BANGKOK (AP) — Myanmar government troops rounded up villagers, some believed to be women and children, fatally shot more than 30 and set the bodies on fire, a witness and other reports said Saturday.
Photos of what appeared to be the aftermath of Christmas Eve’s massacre at eastern Mo So village just outside Hpruso Township in Kayah state, where refugees were fleeing an army attack, went viral on social media. This angered the military government that came to power in February.
These accounts were not independently verified. These photos show the burned bodies of more than 30 individuals in three vehicles.
A villager who said he went to the scene told The Associated Press that the victims had fled the fighting between armed resistance groups and Myanmar’s army near Koi Ngan village, which is just beside Mo So, on Friday. According to him, they died after being taken into custody by soldiers while they headed for refugee camps in western parts of the township.
The government has not commented on the allegations, but a report in the state-run Myanma Alinn daily newspaper on Saturday said that the fighting near Mo So broke out on Friday when members of ethnic guerrilla forces, known as the Karenni National Progressive Party, and those opposed to the military drove in “suspicious” vehicles and attacked security forces after refusing to stop.
A newspaper reported that they contained new recruits who were attending army training and that seven of their vehicles were set on fire. There were no other details.
The witness who spoke to the AP said the remains were burned beyond recognition, and children’s and women’s clothes were found together with medical supplies and food.
“The bodies were tied with ropes before being set on fire,” said the witness, who spoke on condition of anonymity because he feared for his safety.
Although he didn’t see them being killed at the time, he said that a few of them were Mo So villager who were reportedly arrested Friday by soldiers. He claimed that they were not local organized militia members.
Myanmar’s independent media reported on Friday that 10 Mo So villagers including children were arrested by the army and four members of the local paramilitary Border Guard Forces who went to negotiate for their release were reportedly tied up and shot in the head by the military.
Witnesses claimed that the bodies had been left by anti-government militia and village groups as troops approached Mo So. The bodies were then being cremated. It was still a battle for the village.
“It’s a heinous crime and the worst incident during Christmas. We strongly condemn that massacre as a crime against humanity,” said Banyar Khun Aung, director of the Karenni Human Rights Group.
An earlier in the month, troops from government were also accused by tying up and murdering villagers. The opposition leader Dr. Sasa said that civilians were killed by burning alive.

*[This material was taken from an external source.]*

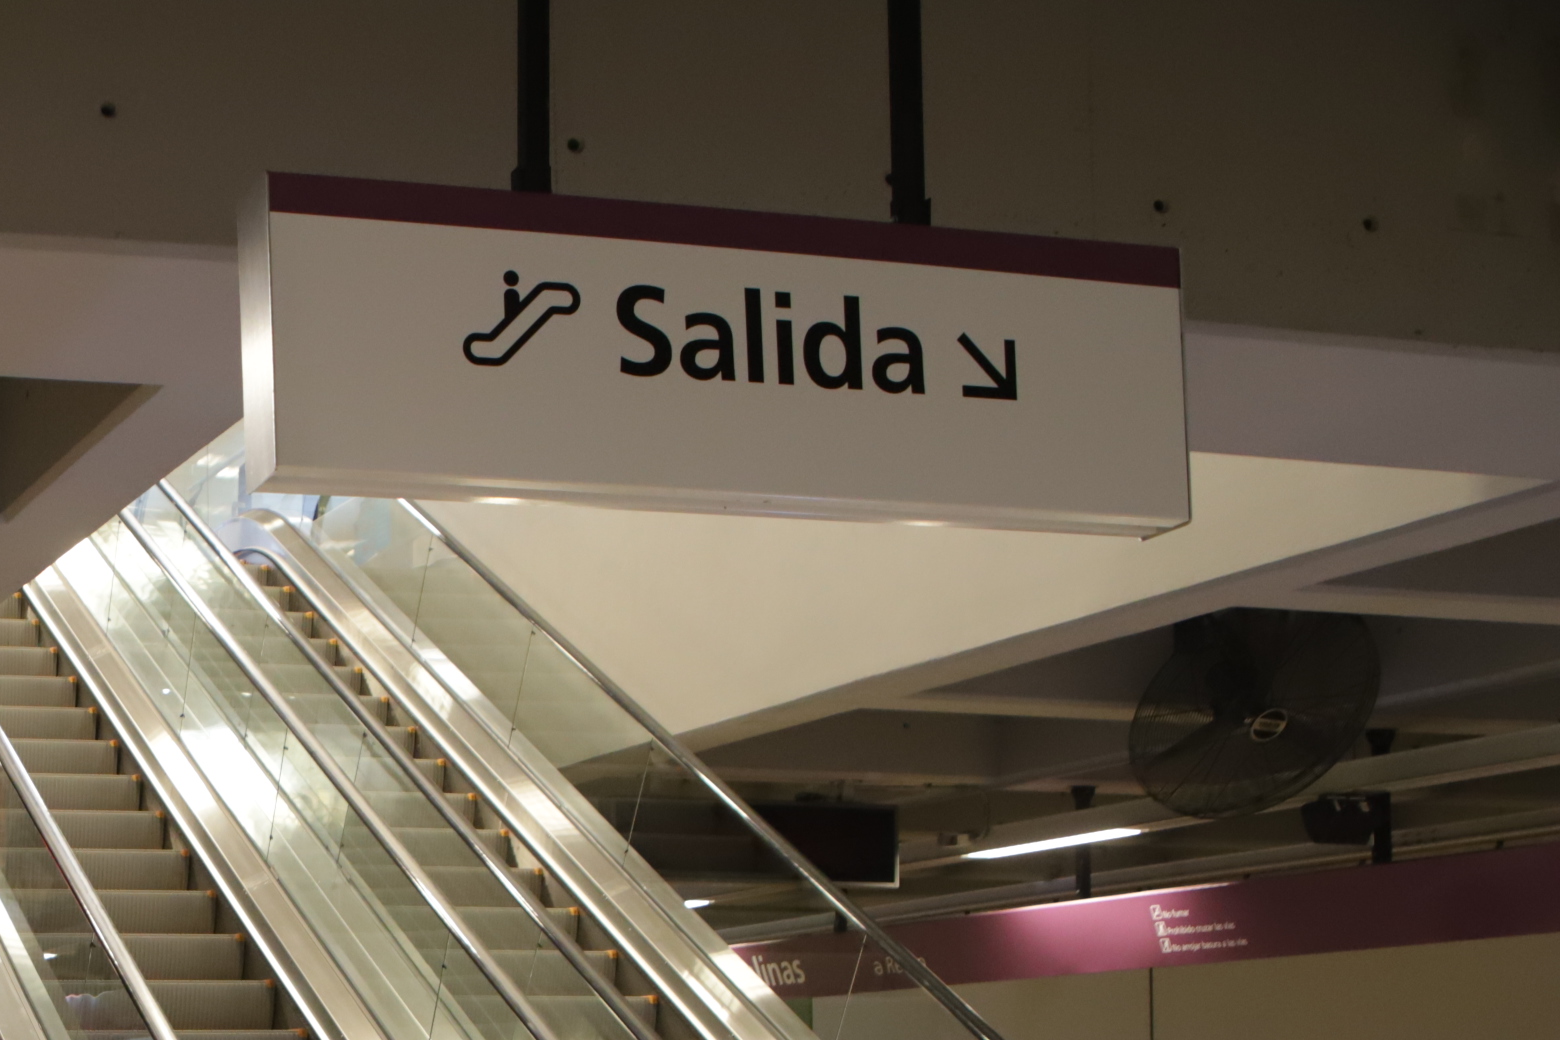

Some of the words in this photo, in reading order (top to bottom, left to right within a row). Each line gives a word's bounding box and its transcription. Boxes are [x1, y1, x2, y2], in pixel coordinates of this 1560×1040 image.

[616, 284, 926, 395] Salida
[752, 954, 806, 987] linas
[873, 961, 883, 975] a

A video of the aftermath of the Dec. 7 assault — apparently retaliation for an attack on a military convoy — showed the charred bodies of 11 people lying in a circle amid what appeared to be the remains of a hut.
Fighting resumed on Saturday in a neighbouring state near Thailand’s border, where hundreds of refugees fled for safety. Local officials said Myanmar’s military unleashed airstrikes and heavy artillery on Lay Kay Kaw, a small town controlled by ethnic Karen guerrillas, since Friday.
The military’s action prompted multiple Western governments including the U.S. Embassy to issue a joint statement condemning “serious human rights violations committed by the military regime across the country.”
“We call on the regime to immediately cease its indiscriminate attacks in Karen state and throughout the country, and to ensure the safety of all civilians in line with international law,” the joint statement said.